→ **MATERIAL PROVIDED**:
- - - - -

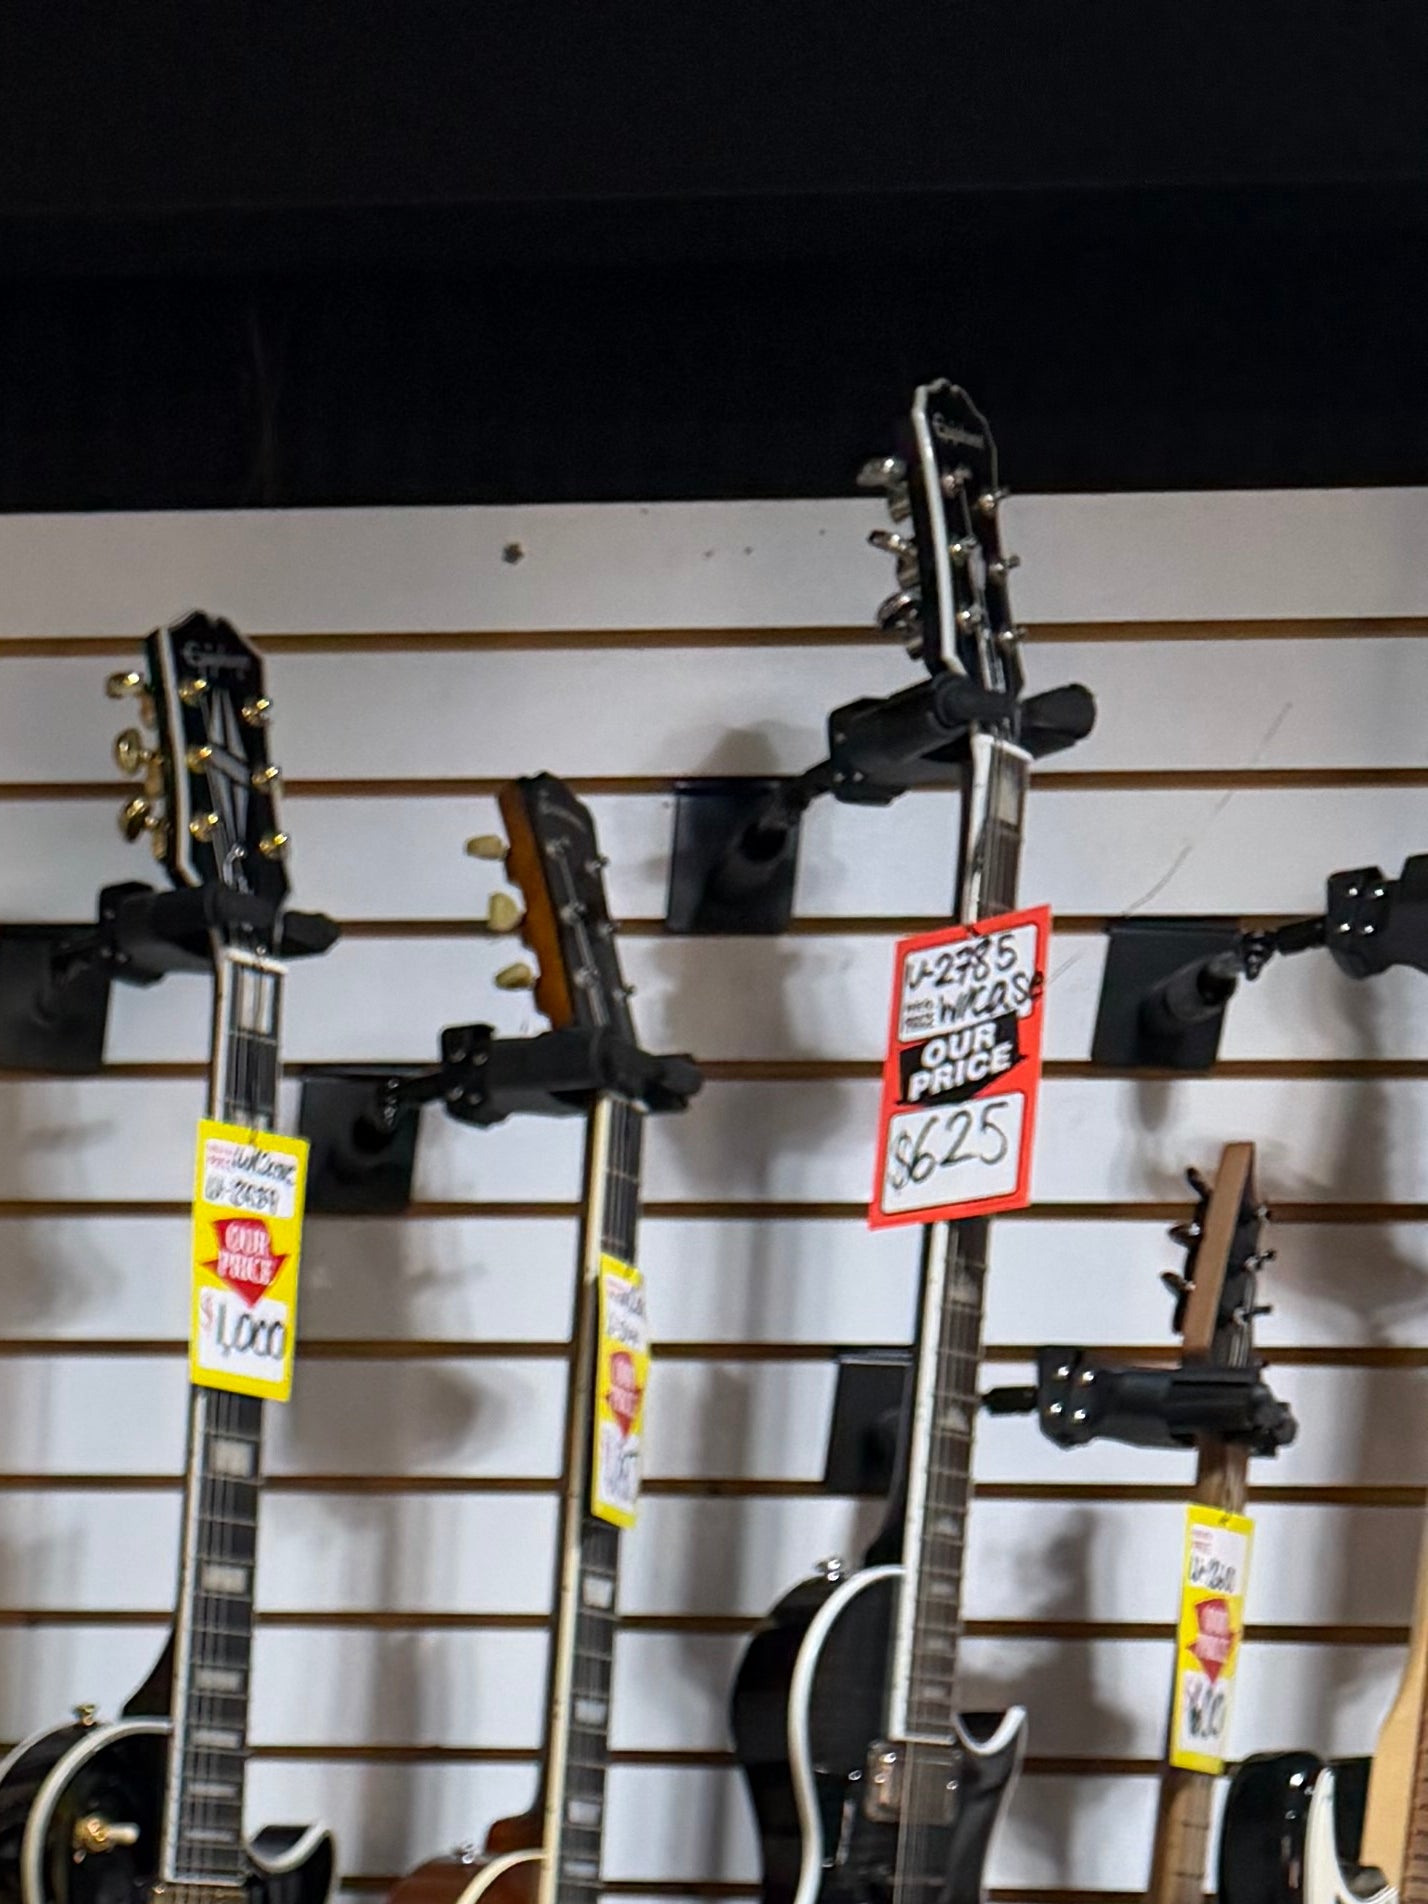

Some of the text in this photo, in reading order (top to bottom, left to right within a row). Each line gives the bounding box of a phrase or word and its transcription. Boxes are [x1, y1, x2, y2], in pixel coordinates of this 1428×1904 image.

[921, 1021, 997, 1068] OUR
[907, 1042, 1013, 1102] PRICE
[888, 1100, 1009, 1192] $625
[225, 1221, 271, 1258] OUR
[217, 1250, 276, 1287] PRICE

- - - - -

→ **DIRECTIONS FOR THIS TASK**:
Restate the entire listing word for word, excluding pictures.

→ **FINISHED EXERCISE**:
Some of the text in this photo, in reading order (top to bottom, left to right within a row). Each line gives the bounding box of a phrase or word and its transcription. Boxes are [x1, y1, x2, y2], in pixel coordinates of this 1428×1904 image.

[921, 1021, 997, 1068] OUR
[907, 1042, 1013, 1102] PRICE
[888, 1100, 1009, 1192] $625
[225, 1221, 271, 1258] OUR
[217, 1250, 276, 1287] PRICE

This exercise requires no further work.